Are episiotomies routinely done?

No. Each patient and each labor is different. The chance of a tear or any episiotomy depends on the number of children a patient has had in the past, the size of the baby and the mother and the length of the labor. Most of mothers that have had a baby before will not need an episiotomy. Small tears may still occur that need minimal suturing.

A great deal of controversy surrounds episiotomies in a first labor. It is not our policy to do routine episiotomies, however it will be quite evident to everyone in the labor room but the mother at the very last moments of pushing that a tear is imminent. In these circumstances, we all feel that a small clean episiotomy repairs easier, is less uncomfortable after delivery and heals quicker than a tear which frequently can distort anatomy and have a more compromised blood supply. We make every effort to avoid tears that extend towards the rectum.

Pain after a tear or episiotomy is usually well controlled with Ibuprofen or Tylenol #3. Topical anesthetic sprays are available and showers and baths can be used immediately after delivery. Ice is recommended for most mothers for the first 6 hours after delivery.

 

Do I need to contact my Pediatrician when I am in labor?

Most pediatric offices have an office orientation session for new parents once or twice a month in their office. If they don't, ask their office what their policy is on meeting a pediatrician before delivery.

If you are first time parents and do not have a pediatrician yet, ask one of our doctors for recommendations of a pediatrician near your home. Frequently, pediatric visits are needed on short notice for colds and flus and it is helpful to have a pediatrician near your home.

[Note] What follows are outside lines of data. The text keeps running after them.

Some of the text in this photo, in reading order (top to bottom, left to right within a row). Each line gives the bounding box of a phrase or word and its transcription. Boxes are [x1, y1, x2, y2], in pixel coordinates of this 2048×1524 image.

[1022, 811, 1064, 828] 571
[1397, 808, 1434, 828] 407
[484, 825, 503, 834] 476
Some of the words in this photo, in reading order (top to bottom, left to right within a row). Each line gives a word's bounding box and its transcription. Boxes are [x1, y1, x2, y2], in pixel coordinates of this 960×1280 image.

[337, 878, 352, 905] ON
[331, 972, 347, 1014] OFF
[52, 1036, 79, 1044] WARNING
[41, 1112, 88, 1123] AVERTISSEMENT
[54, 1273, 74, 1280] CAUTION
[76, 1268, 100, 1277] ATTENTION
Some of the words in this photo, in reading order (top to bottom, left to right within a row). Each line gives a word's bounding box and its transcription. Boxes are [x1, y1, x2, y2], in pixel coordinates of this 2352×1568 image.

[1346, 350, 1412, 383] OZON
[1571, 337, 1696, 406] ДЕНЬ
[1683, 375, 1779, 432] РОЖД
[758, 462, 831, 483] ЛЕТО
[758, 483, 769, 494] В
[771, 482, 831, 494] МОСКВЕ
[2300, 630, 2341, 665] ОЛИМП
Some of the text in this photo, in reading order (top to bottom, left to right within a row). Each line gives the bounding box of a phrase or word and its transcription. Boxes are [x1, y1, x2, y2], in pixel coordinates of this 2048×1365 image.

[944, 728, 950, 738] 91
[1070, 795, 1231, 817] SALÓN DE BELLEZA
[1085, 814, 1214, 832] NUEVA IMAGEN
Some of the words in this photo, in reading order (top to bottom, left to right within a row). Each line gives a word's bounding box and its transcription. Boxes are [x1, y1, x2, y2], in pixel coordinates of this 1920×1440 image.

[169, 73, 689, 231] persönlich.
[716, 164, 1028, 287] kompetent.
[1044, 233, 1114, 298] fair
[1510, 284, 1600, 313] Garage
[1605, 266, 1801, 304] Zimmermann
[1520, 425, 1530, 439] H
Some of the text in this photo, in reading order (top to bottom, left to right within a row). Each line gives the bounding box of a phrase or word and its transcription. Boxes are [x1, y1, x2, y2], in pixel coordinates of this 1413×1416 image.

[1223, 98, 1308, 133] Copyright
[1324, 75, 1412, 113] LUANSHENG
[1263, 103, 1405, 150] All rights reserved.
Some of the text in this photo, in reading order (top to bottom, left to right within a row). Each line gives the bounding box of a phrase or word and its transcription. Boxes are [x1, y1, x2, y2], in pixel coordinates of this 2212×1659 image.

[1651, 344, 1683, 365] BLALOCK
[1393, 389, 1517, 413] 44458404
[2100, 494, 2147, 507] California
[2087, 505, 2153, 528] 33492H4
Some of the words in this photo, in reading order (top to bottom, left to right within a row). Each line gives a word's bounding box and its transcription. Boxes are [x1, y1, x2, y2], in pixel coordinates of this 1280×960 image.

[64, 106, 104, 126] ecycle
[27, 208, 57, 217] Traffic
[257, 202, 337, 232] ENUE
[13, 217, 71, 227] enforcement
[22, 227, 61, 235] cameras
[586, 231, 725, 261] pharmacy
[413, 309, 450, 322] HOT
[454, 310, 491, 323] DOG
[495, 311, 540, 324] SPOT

Another suggestion would be to ask neighbors with children or nurses in the pediatric wards of local hospitals, who a good pediatrician may be. A list of pediatricians that we are familiar with and the office locations is available on our web site. If you know of a good pediatrician that is not listed, let us know.

The hospital will take care of all contacts with your pediatrician. If your pediatrician does not come to the hospital that you are delivering at, let your doctor know after delivery and we will help you find a pediatric group that we are familiar with to take care of your baby while you are in the hospital. After you go home, these records can be forwarded on to your doctor.

Most babies are able to go home on day 1 or day 2 of delivery. The exception would be for babies of mothers who tested positive for Group B strep and did not receive two doses of antibiotics before delivery. An extra day in hospital is usually recommended and is only precautionary.
If you're having a boy and considering a circumcision, the pediatrician will usually do this on the day of discharge. Follow-up with your pediatrician when you go home is usually within 2-7 days.

 

 

One last thing:

The anticipation of labor can be very exciting, but sometimes frightening. Friends, neighbors and even strangers seem to relate their labor stories to pregnant women. What is certain is that your labor experience will be unique. There are risks to childbirth and we have chosen to work at hospitals that provide the very best in obstetric care.

Our goal as your doctor will be to guide you through the process as comfortably and safely as possible. Please ask questions both before your labor and at any time during the labor. Both our doctors and your labor nurse are there to take the mystery out of the labor experience. Tell us any special requests at your 36-week visit and let us know of any particular worries. If you know what to expect, labor can be much more tolerable and comfortable.

Try to get to bed early during the last month of your pregnancy, since labors tend to start at night and women that go into their labor tired tend to have more difficulty. Have your bags packed before labor and be sure your camera has film or batteries.

Lastly, this very unique time of your like and having this baby so close will soon be over forever. Despite the discomforts of these last weeks of the pregnancy, try to relish the last weeks of your pregnancy as much as is possible.